[Task description]: Could you write out every record below exactly, leaving the pictures out?

Stored data entries:
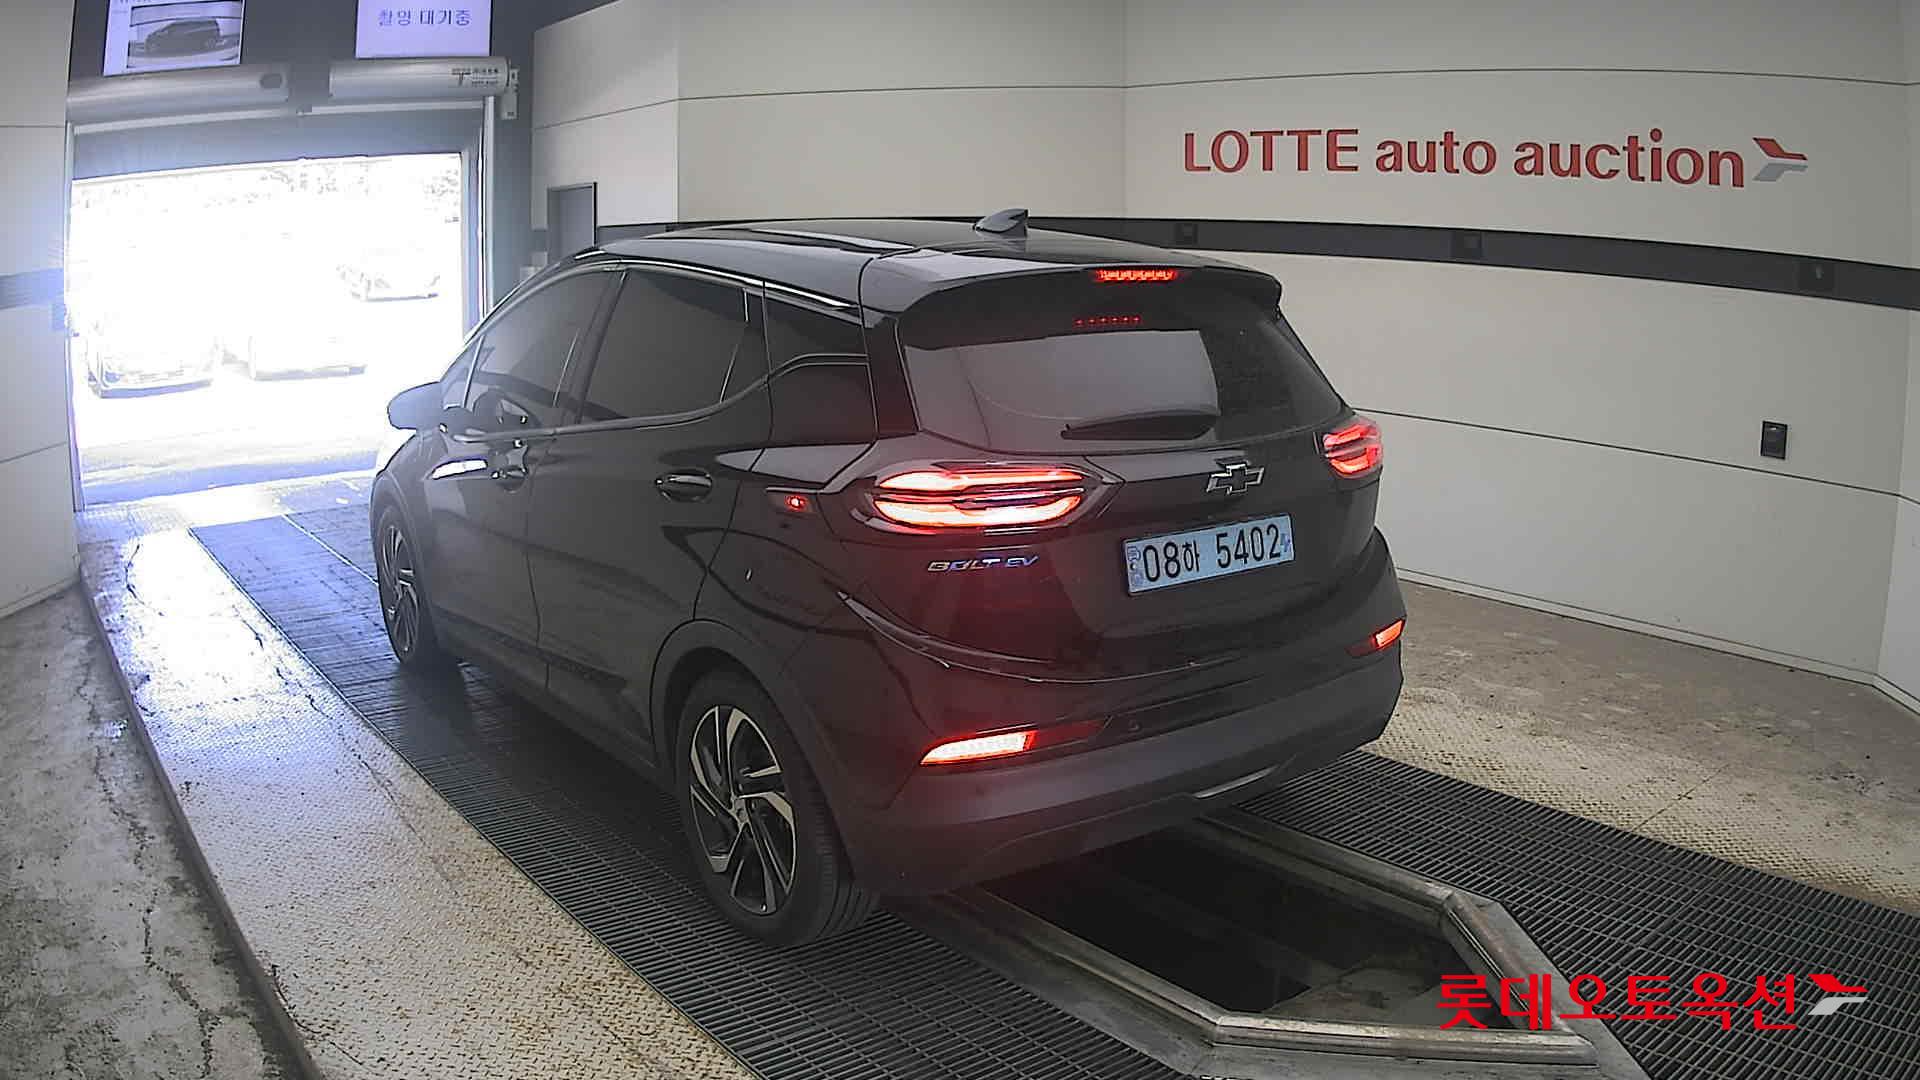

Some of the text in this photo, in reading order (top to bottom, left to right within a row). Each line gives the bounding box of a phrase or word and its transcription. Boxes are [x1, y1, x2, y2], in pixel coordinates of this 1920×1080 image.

[420, 8, 471, 27] 대기중
[1184, 128, 1744, 188] LOTTE auto auction
[927, 556, 1039, 572] BOLT EV
[1142, 523, 1282, 583] 08하 5402

[Solution for this exercise]:
Some of the text in this photo, in reading order (top to bottom, left to right within a row). Each line gives the bounding box of a phrase or word and its transcription. Boxes are [x1, y1, x2, y2], in pixel coordinates of this 1920×1080 image.

[420, 8, 471, 27] 대기중
[1184, 128, 1744, 188] LOTTE auto auction
[927, 556, 1039, 572] BOLT EV
[1142, 523, 1282, 583] 08하 5402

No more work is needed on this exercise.